Buying a new home is an exciting time. But as thrilling as it may be, there are a lot of decisions that come with the purchase of a new home. One decision you may ponder is whether you should buy mortgage life insurance.




buy mortgage life insurance



Mortgage life insurance is usually sold by the mortgage lender, an insurance company affiliated with your lender or another insurance company that mails you after finding your information via public records. If you buy it from your mortgage lender, the premiums can be rolled into your loan.


The mortgage lender is the beneficiary of the policy, not your spouse or other person you choose. This means the insurer will pay your lender the remaining balance on the mortgage if you pass away. Money does not go to your family with this type of life insurance.


Mortgage life insurance can give you and your family peace of mind that the mortgage will be paid off. That may also be the case if you buy other types of coverage and specify that you want proceeds spent on paying off the mortgage, but mortgage life insurance benefits go directly to the mortgage lender.

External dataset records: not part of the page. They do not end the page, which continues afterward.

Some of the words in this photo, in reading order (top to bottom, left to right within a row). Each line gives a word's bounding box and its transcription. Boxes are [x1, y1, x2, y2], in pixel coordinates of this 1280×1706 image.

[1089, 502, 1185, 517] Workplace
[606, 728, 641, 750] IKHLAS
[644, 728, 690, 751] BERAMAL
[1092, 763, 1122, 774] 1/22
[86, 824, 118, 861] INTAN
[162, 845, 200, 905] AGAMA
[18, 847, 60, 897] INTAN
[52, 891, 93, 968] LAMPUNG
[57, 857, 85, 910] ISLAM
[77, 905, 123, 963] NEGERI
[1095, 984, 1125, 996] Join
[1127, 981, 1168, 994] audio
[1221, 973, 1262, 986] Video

A term life insurance payout goes to the beneficiary you choose, such as your spouse. The beneficiary can use the money for any pressing financial need. You also make your own choice of coverage amount and policy length with term life. Your family could use a term life insurance payout for:


Other life insurance types will give your family control over how a payout is used, such as whole life insurance. But for covering specific debts like a mortgage, term life insurance will give you the most value for your money.

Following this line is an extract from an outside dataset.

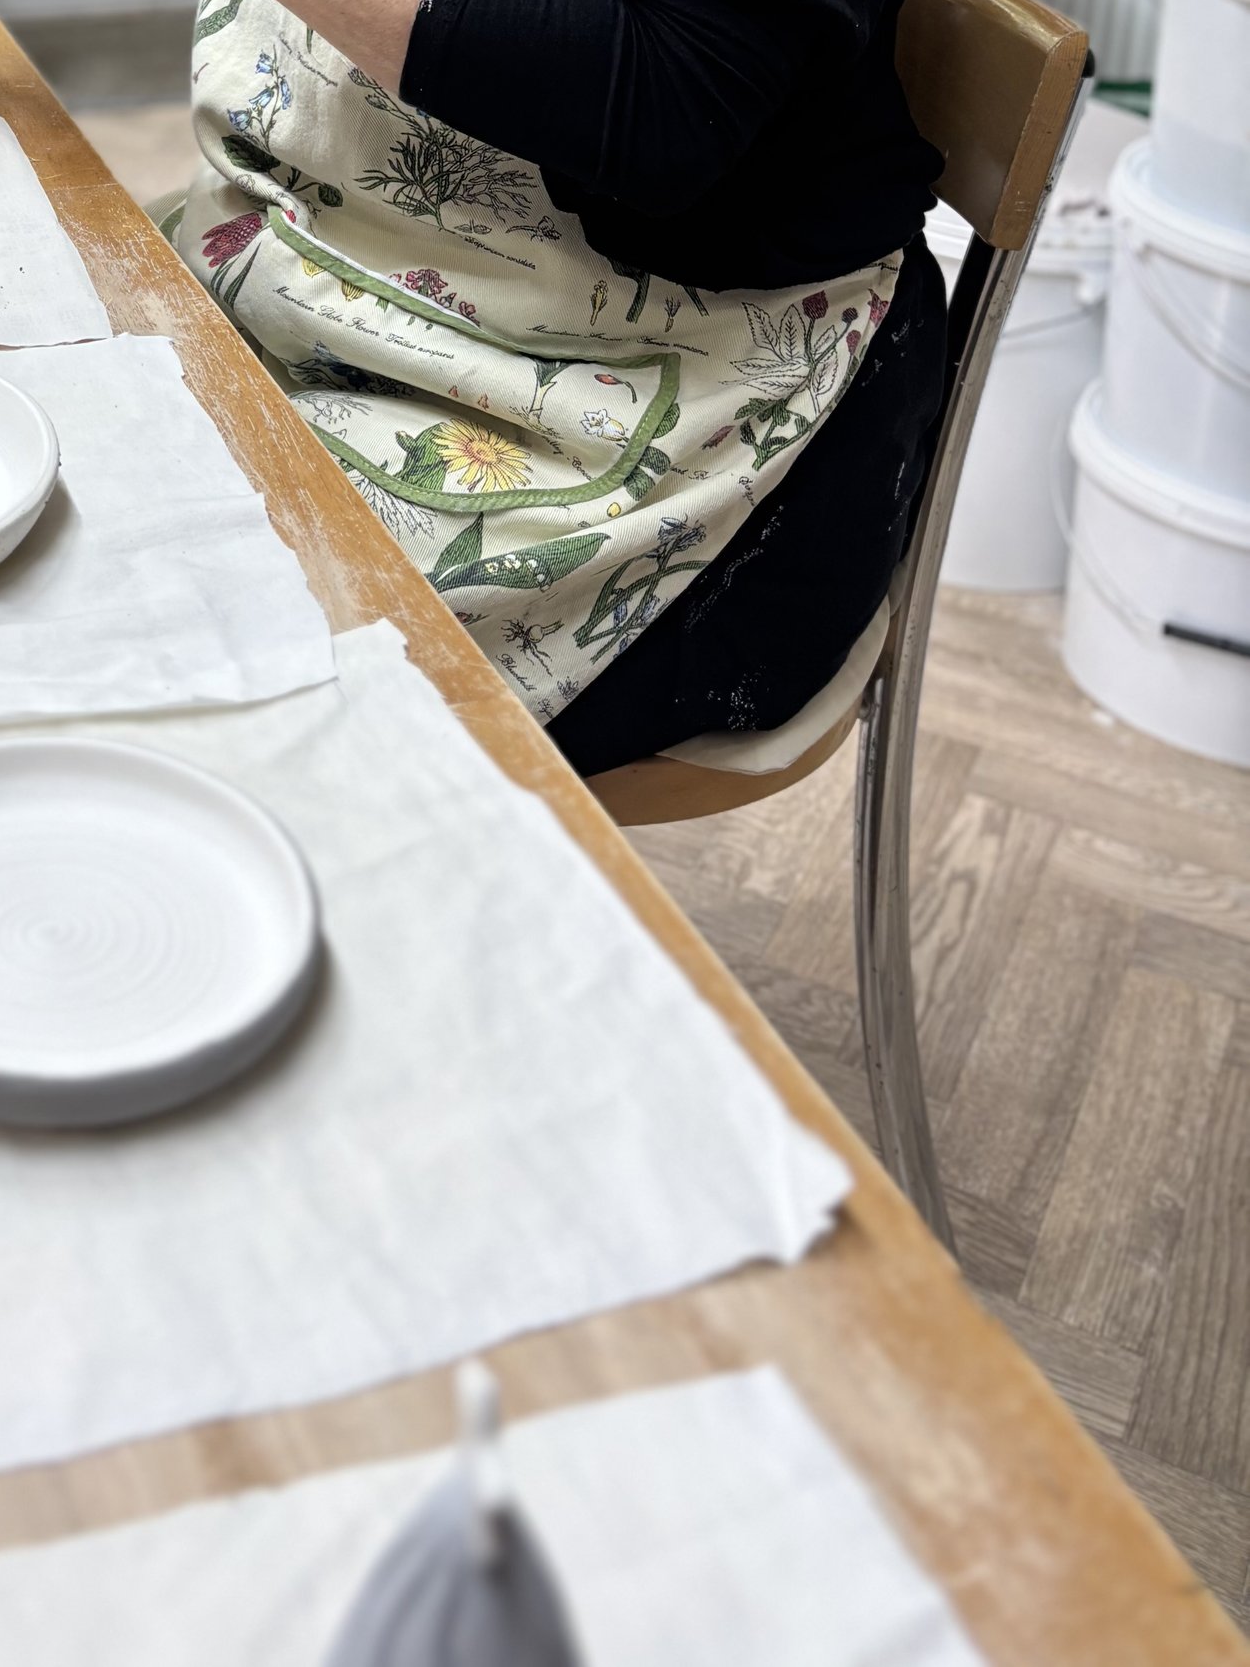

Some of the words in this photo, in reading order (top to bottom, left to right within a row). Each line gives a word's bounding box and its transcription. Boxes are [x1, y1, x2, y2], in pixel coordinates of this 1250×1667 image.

[273, 286, 315, 312] Mountain
[317, 305, 343, 324] Globe
[346, 316, 380, 337] Flower

The death benefit for mortgage life insurance goes directly to your mortgage lender who will use it to pay off the remainder of the mortgage. The problem with mortgage life insurance is the lack of flexibility. The death benefit can only be used to pay your mortgage and cannot be used to pay down other debts.


For many, the biggest deal breaker is the lack of flexibility. With mortgage life insurance, the death payout goes directly to your mortgage lender. With term life insurance, the death benefit goes to your beneficiary who can use the money as they see fit (including paying off the mortgage).


You can typically insure two co-borrowers under one mortgage life insurance policy. If you pass away at the same time, the policy pays off the mortgage. If only one borrower passes away, the coverage continues on the other person.


A mortgage insurance policy might not move with you. If you sell a house and pay off the existing mortgage, the life insurance policy could terminate. Check the policy for details on what happens if you move.


The last difference between MPI and traditional life insurance lies in the regulations involved. MPI policies have several strings attached that can change your benefits. For example, most MPI policies include a clause that states that the balance of your death benefit follows the balance of your mortgage. The longer you make payments on your loan, the lower your outstanding balance. The longer you hold your policy, the less valuable your policy is. This is different from life insurance policies, which typically hold the same balance for the entire term.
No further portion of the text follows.